Multiple outlets have reported that Smuggler's Cove offers the largest selection of rums of any bar in the United States, with over 1,300 different varieties in stock as of 2025 according to general manager Christopher Ward. The rums are organized by country of origin, split between the first-floor bar, downstairs bar, and storage rooms within the building. The collection includes several rare and historical rums that cannot be found anywhere besides Smuggler's Cove, as well as some one-off rums that Smuggler's Cove has created in collaboration with Plantation and El Dorado. Only a small percentage of the rums are used in the bar's mixed drinks.

=== Rumbustion Society ===

Martin Cate created the Rumbustion Society rum club upon the bar's opening to encourage customers to explore the bar's rum offerings. The Rumbustion Society has three main levels: Disciple of the Cove, Guardian of the Cove, and Master of the Cove.

To become a Disciple of the Cove, participants must sample and learn about 20 rums and pass a 13-question quiz, earning them a Rumbustion Society card and a merit badge. The Guardian of the Cove level requires larger samples of 80 different rums, and awards entrants a commemorative placard and a red fez. To become a Master of the Cove, customers must sample an additional 200 rums, earning them a tiki mug and a private rum distillery tour.

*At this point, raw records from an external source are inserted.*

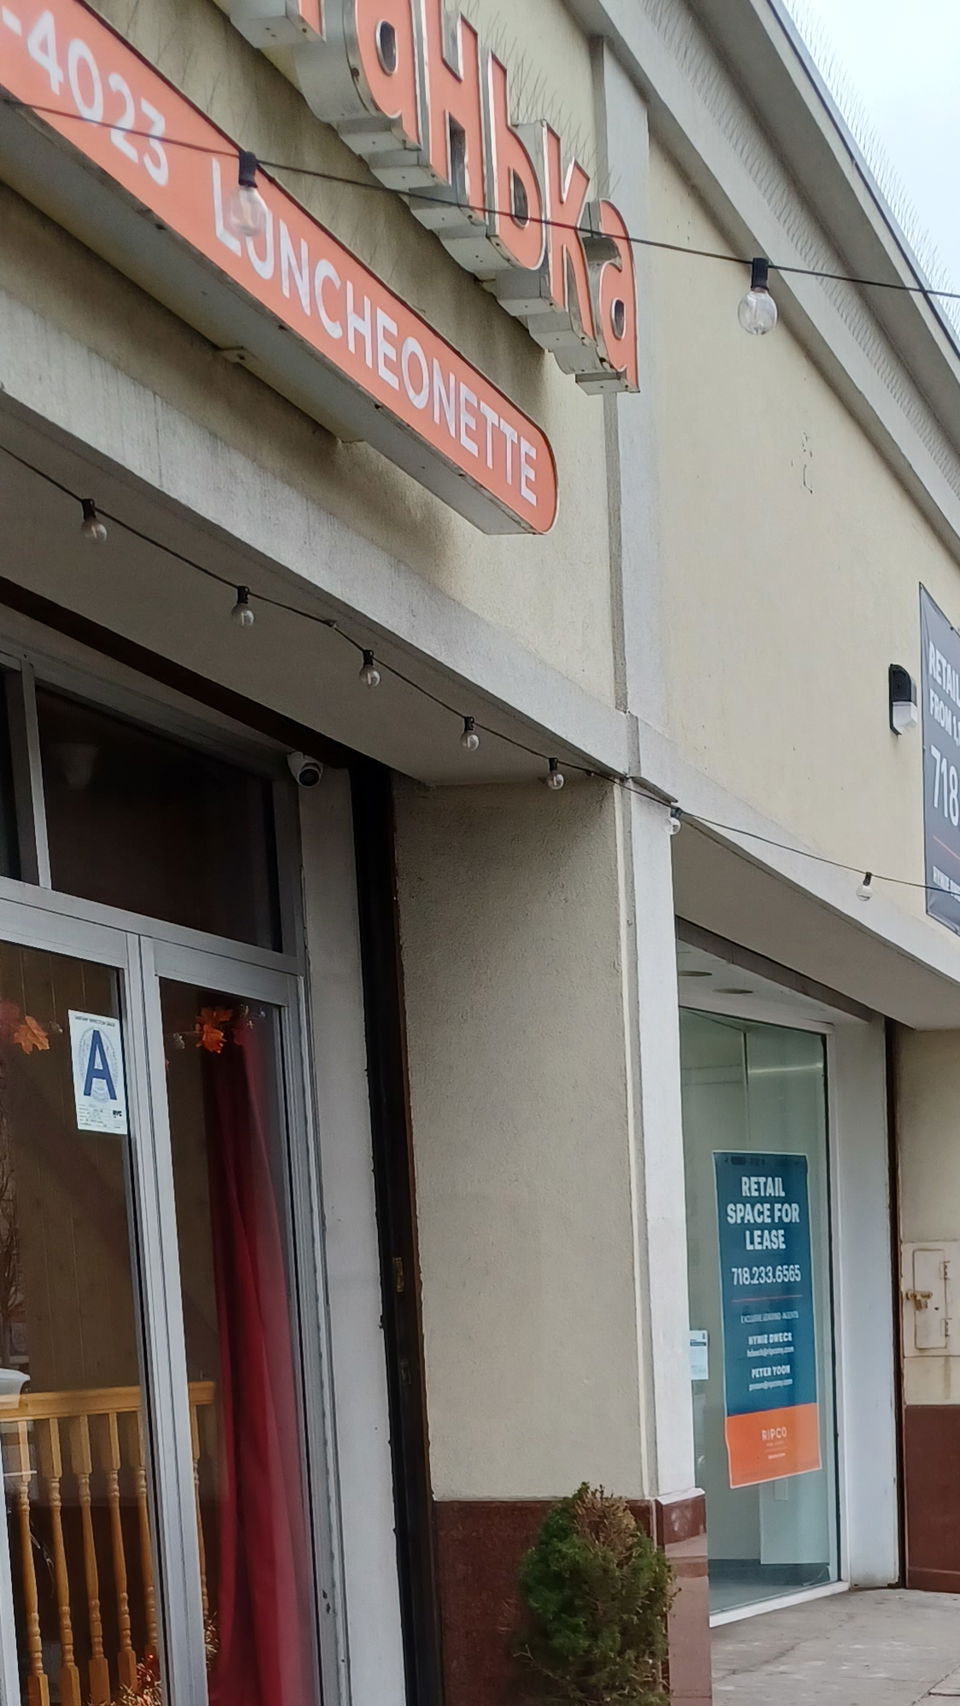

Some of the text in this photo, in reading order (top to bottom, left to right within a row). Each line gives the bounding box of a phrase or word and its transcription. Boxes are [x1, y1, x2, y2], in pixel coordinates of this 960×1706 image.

[211, 157, 538, 506] LUNCHEONETTE
[929, 640, 960, 709] RETAIL
[929, 688, 953, 737] FROM
[83, 1029, 117, 1100] A
[741, 1176, 786, 1197] RETAIL
[727, 1203, 800, 1224] SPACE FOR
[745, 1229, 786, 1251] LEASE
[731, 1264, 801, 1286] 718.233.6565
[761, 1426, 788, 1441] RIPCO

The Black Tassel Brigade, an additional fourth level, requires sampling 500 different rums and earns entrants a black tassel for their fez. With only 25 members as of 2018, the Black Tassel Brigade was a late addition to the Rumbustion Society, as Cate initially did not expect customers to exceed the 200 rums demanded by the Disciple of the Cove level.

== Book ==

In 2016, Martin and Rebecca Cate published the bar's eponymous book Smuggler's Cove: Exotic Cocktails, Rum, and the Cult of Tiki at Ten Speed Press. The 352-page book chronicles the history and aesthetics of tiki culture, breaks down what defines an "exotic cocktail", and lists dozens of the bar's cocktail recipes, including both classics and original creations. It also provides recommendations for essential rums and tiki bars around the world, and offers a new categorization for rum varieties based on production method rather than country of origin.

The book was well-received upon its release. Paolo Lucchesi of the San Francisco Chronicle called it "an impressively extensive examination of all things tiki." In 2017, it received a James Beard Foundation Award for books in the beverage category.

Since its release, the book has persisted as an acclaimed tiki reference. In 2025, Bon Appétit listed it as one of the greatest cocktail books, noting its detailed coverage of tiki mixology and history, as well as "the stunning visuals that encourage a little playful escapism." In a 2025 review for The Dispatch, Michael Warren wrote: "The book has become a bible for anyone with an interest, from budding to fully blooming, in the strange but alluring world of tiki culture. A useful advertisement for the bar, Cate's book also serves as a terrific introduction to the history, techniques, and entertaining basics of the tiki life."

== Reception ==

Smuggler's Cove is routinely listed as one of the best and most prominent tiki bars in the United States and the world. In 2016, it was named the best bar in the United States by Tales of the Cocktail. It has been listed as one of The World's 50 Best Bars six times, every year between 2011 and 2016, with judges in 2014 writing, "A tribute to rum as much as it is a tribute to itself, Smuggler's Cove is fast becoming a global tiki reference point ... the often complex concoctions are made with expert skill."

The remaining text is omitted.